WHAT YOU NEED TO DO:
The expected output is every line below, reproduced exactly.

DATA TO PROCESS:
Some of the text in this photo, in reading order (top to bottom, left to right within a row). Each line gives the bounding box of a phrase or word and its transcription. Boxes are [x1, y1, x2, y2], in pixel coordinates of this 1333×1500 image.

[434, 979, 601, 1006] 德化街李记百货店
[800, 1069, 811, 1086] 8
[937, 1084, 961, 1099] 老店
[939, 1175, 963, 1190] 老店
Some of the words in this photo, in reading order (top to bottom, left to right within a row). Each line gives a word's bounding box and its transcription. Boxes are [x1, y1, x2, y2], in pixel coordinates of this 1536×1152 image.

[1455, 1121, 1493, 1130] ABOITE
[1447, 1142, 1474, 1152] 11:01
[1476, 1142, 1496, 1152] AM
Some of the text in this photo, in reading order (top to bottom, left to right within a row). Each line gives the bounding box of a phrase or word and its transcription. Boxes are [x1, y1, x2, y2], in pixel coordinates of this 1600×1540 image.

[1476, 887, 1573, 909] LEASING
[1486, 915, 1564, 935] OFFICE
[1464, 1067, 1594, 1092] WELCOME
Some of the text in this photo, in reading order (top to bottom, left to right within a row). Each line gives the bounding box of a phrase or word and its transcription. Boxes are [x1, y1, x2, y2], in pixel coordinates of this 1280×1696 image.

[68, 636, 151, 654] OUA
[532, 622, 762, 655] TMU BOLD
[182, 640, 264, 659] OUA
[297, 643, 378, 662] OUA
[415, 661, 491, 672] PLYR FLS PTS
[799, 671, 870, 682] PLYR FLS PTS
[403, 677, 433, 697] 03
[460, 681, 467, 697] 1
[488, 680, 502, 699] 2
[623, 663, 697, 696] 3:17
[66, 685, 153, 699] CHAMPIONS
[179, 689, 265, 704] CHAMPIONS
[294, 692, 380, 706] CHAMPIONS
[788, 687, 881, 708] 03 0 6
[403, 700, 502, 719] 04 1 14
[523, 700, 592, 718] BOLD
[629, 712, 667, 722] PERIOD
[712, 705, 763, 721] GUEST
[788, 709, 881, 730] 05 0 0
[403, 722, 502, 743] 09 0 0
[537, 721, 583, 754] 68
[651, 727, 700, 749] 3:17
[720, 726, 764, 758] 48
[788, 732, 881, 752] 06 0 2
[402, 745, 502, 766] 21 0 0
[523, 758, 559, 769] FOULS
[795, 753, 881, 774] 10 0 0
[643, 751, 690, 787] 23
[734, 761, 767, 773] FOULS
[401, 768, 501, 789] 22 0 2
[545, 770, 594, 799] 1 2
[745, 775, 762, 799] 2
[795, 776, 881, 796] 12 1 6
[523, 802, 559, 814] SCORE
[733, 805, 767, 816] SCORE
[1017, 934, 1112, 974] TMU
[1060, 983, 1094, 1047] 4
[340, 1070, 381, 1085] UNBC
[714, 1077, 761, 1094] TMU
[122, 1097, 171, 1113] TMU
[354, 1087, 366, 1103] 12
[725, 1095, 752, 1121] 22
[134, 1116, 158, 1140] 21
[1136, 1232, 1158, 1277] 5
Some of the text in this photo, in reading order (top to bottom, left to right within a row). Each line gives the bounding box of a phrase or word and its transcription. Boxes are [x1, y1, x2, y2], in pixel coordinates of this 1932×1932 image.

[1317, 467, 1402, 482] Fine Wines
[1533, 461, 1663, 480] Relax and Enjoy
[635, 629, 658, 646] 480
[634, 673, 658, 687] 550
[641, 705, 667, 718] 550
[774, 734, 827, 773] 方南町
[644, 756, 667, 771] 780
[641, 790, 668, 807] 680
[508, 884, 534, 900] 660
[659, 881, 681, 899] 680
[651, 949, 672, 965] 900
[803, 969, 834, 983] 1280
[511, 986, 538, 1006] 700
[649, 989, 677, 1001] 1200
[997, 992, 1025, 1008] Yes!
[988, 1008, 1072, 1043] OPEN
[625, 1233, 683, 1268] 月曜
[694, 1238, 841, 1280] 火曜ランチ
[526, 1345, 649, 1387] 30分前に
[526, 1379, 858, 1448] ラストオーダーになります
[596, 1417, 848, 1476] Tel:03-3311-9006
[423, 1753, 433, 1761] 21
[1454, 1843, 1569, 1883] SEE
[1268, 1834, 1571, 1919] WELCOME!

RESPONSE TO THIS TASK:
Some of the text in this photo, in reading order (top to bottom, left to right within a row). Each line gives the bounding box of a phrase or word and its transcription. Boxes are [x1, y1, x2, y2], in pixel coordinates of this 1333×1500 image.

[434, 979, 601, 1006] 德化街李记百货店
[800, 1069, 811, 1086] 8
[937, 1084, 961, 1099] 老店
[939, 1175, 963, 1190] 老店
Some of the words in this photo, in reading order (top to bottom, left to right within a row). Each line gives a word's bounding box and its transcription. Boxes are [x1, y1, x2, y2], in pixel coordinates of this 1536×1152 image.

[1455, 1121, 1493, 1130] ABOITE
[1447, 1142, 1474, 1152] 11:01
[1476, 1142, 1496, 1152] AM
Some of the text in this photo, in reading order (top to bottom, left to right within a row). Each line gives the bounding box of a phrase or word and its transcription. Boxes are [x1, y1, x2, y2], in pixel coordinates of this 1600×1540 image.

[1476, 887, 1573, 909] LEASING
[1486, 915, 1564, 935] OFFICE
[1464, 1067, 1594, 1092] WELCOME
Some of the text in this photo, in reading order (top to bottom, left to right within a row). Each line gives the bounding box of a phrase or word and its transcription. Boxes are [x1, y1, x2, y2], in pixel coordinates of this 1280×1696 image.

[68, 636, 151, 654] OUA
[532, 622, 762, 655] TMU BOLD
[182, 640, 264, 659] OUA
[297, 643, 378, 662] OUA
[415, 661, 491, 672] PLYR FLS PTS
[799, 671, 870, 682] PLYR FLS PTS
[403, 677, 433, 697] 03
[460, 681, 467, 697] 1
[488, 680, 502, 699] 2
[623, 663, 697, 696] 3:17
[66, 685, 153, 699] CHAMPIONS
[179, 689, 265, 704] CHAMPIONS
[294, 692, 380, 706] CHAMPIONS
[788, 687, 881, 708] 03 0 6
[403, 700, 502, 719] 04 1 14
[523, 700, 592, 718] BOLD
[629, 712, 667, 722] PERIOD
[712, 705, 763, 721] GUEST
[788, 709, 881, 730] 05 0 0
[403, 722, 502, 743] 09 0 0
[537, 721, 583, 754] 68
[651, 727, 700, 749] 3:17
[720, 726, 764, 758] 48
[788, 732, 881, 752] 06 0 2
[402, 745, 502, 766] 21 0 0
[523, 758, 559, 769] FOULS
[795, 753, 881, 774] 10 0 0
[643, 751, 690, 787] 23
[734, 761, 767, 773] FOULS
[401, 768, 501, 789] 22 0 2
[545, 770, 594, 799] 1 2
[745, 775, 762, 799] 2
[795, 776, 881, 796] 12 1 6
[523, 802, 559, 814] SCORE
[733, 805, 767, 816] SCORE
[1017, 934, 1112, 974] TMU
[1060, 983, 1094, 1047] 4
[340, 1070, 381, 1085] UNBC
[714, 1077, 761, 1094] TMU
[122, 1097, 171, 1113] TMU
[354, 1087, 366, 1103] 12
[725, 1095, 752, 1121] 22
[134, 1116, 158, 1140] 21
[1136, 1232, 1158, 1277] 5
Some of the text in this photo, in reading order (top to bottom, left to right within a row). Each line gives the bounding box of a phrase or word and its transcription. Boxes are [x1, y1, x2, y2], in pixel coordinates of this 1932×1932 image.

[1317, 467, 1402, 482] Fine Wines
[1533, 461, 1663, 480] Relax and Enjoy
[635, 629, 658, 646] 480
[634, 673, 658, 687] 550
[641, 705, 667, 718] 550
[774, 734, 827, 773] 方南町
[644, 756, 667, 771] 780
[641, 790, 668, 807] 680
[508, 884, 534, 900] 660
[659, 881, 681, 899] 680
[651, 949, 672, 965] 900
[803, 969, 834, 983] 1280
[511, 986, 538, 1006] 700
[649, 989, 677, 1001] 1200
[997, 992, 1025, 1008] Yes!
[988, 1008, 1072, 1043] OPEN
[625, 1233, 683, 1268] 月曜
[694, 1238, 841, 1280] 火曜ランチ
[526, 1345, 649, 1387] 30分前に
[526, 1379, 858, 1448] ラストオーダーになります
[596, 1417, 848, 1476] Tel:03-3311-9006
[423, 1753, 433, 1761] 21
[1454, 1843, 1569, 1883] SEE
[1268, 1834, 1571, 1919] WELCOME!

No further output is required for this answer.